• [Try it]: Please print each entry below exactly as it stands, but without any pictures.

START Data for processing

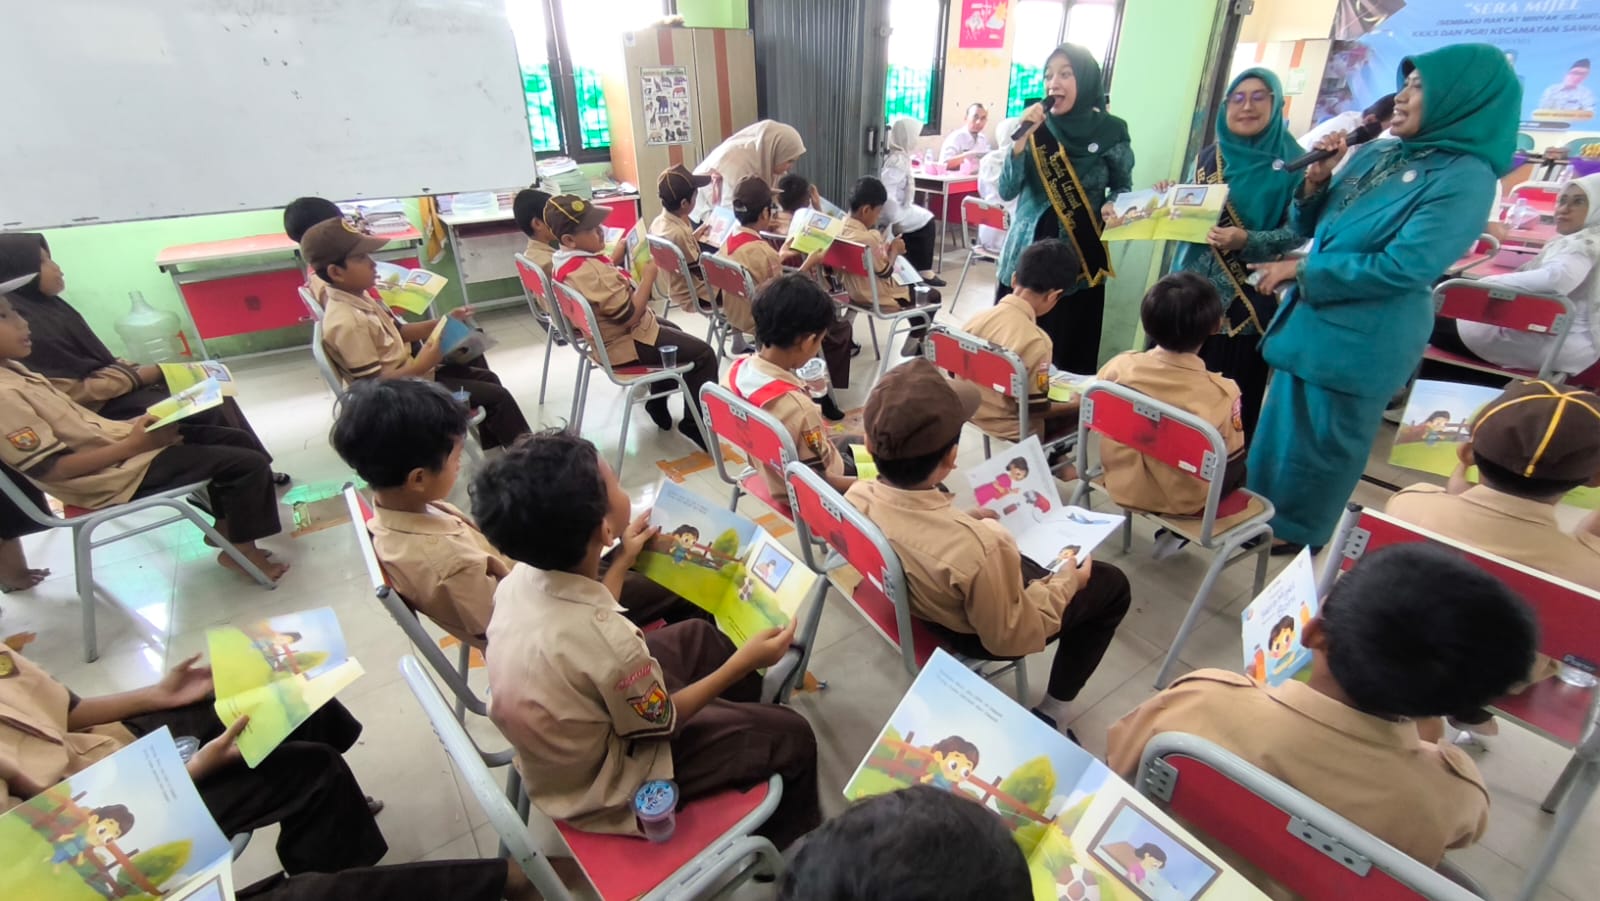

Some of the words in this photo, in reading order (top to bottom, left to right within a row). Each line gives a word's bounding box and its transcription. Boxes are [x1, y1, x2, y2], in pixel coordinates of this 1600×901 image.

[1483, 15, 1521, 24] RAKYAT
[1522, 13, 1557, 22] MINYAK
[1440, 28, 1461, 37] DAN
[1464, 26, 1488, 36] PGRI
[1489, 25, 1559, 36] KECAMATAN
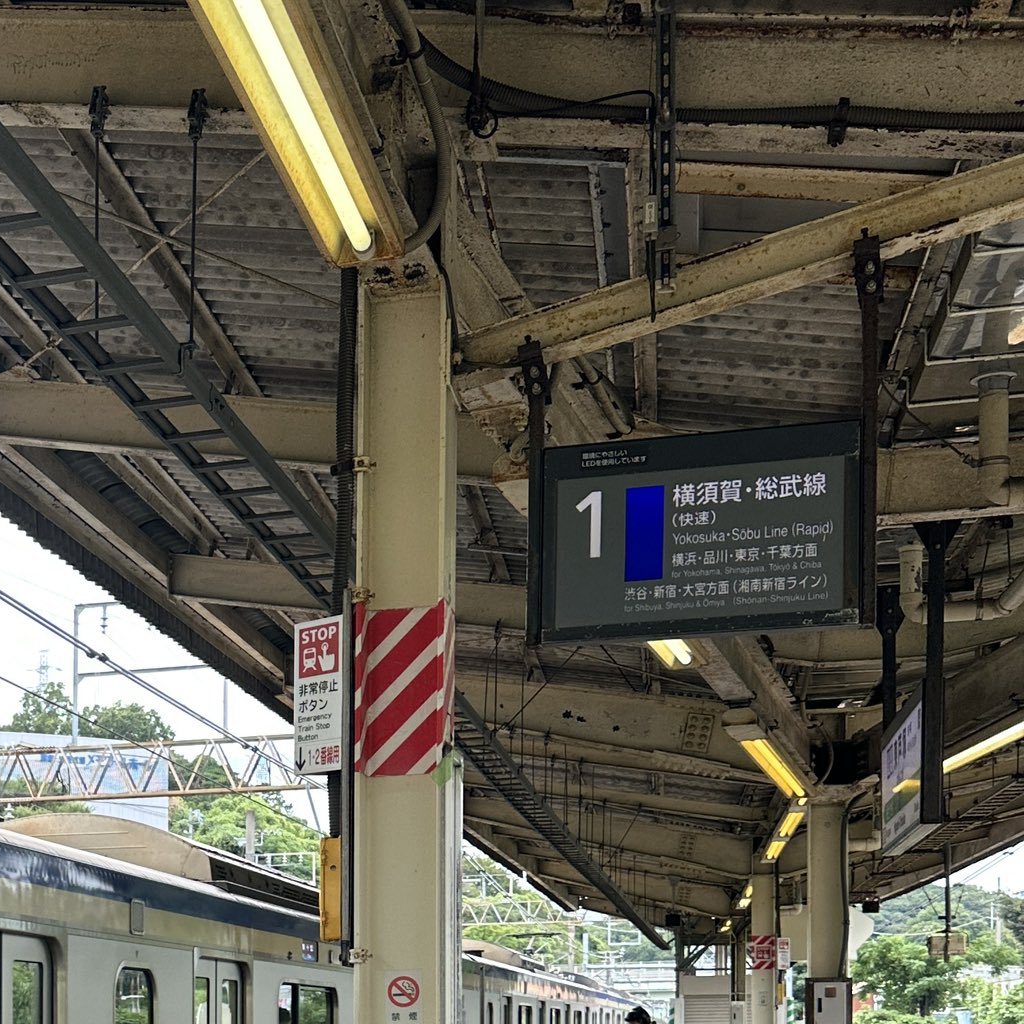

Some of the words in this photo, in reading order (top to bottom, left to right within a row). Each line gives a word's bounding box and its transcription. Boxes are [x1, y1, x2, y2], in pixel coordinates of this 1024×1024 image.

[672, 472, 827, 507] 横須賀・総武線
[575, 490, 602, 559] 1
[764, 525, 788, 538] Line
[791, 519, 834, 538] (Rapid)
[672, 542, 818, 567] 横浜・品川・東京・千葉方面
[671, 570, 681, 578] for
[792, 561, 798, 570] &
[800, 560, 822, 569] Chiba
[624, 605, 633, 613] for
[665, 600, 695, 611] Shinjuku
[695, 600, 701, 608] &
[807, 590, 829, 602] Line)
[301, 625, 337, 644] STOP
[298, 679, 339, 697] 非常停止
[298, 699, 329, 713] ボタン
[297, 712, 332, 724] Emergency
[297, 724, 314, 733] Train
[315, 722, 331, 731] Stop
[297, 733, 319, 743] Button

END Data for processing

• [Reply to the task]:
Some of the words in this photo, in reading order (top to bottom, left to right within a row). Each line gives a word's bounding box and its transcription. Boxes are [x1, y1, x2, y2], in pixel coordinates of this 1600×901 image.

[1483, 15, 1521, 24] RAKYAT
[1522, 13, 1557, 22] MINYAK
[1440, 28, 1461, 37] DAN
[1464, 26, 1488, 36] PGRI
[1489, 25, 1559, 36] KECAMATAN

Some of the words in this photo, in reading order (top to bottom, left to right within a row). Each line gives a word's bounding box and its transcription. Boxes are [x1, y1, x2, y2], in pixel coordinates of this 1024×1024 image.

[672, 472, 827, 507] 横須賀・総武線
[575, 490, 602, 559] 1
[764, 525, 788, 538] Line
[791, 519, 834, 538] (Rapid)
[672, 542, 818, 567] 横浜・品川・東京・千葉方面
[671, 570, 681, 578] for
[792, 561, 798, 570] &
[800, 560, 822, 569] Chiba
[624, 605, 633, 613] for
[665, 600, 695, 611] Shinjuku
[695, 600, 701, 608] &
[807, 590, 829, 602] Line)
[301, 625, 337, 644] STOP
[298, 679, 339, 697] 非常停止
[298, 699, 329, 713] ボタン
[297, 712, 332, 724] Emergency
[297, 724, 314, 733] Train
[315, 722, 331, 731] Stop
[297, 733, 319, 743] Button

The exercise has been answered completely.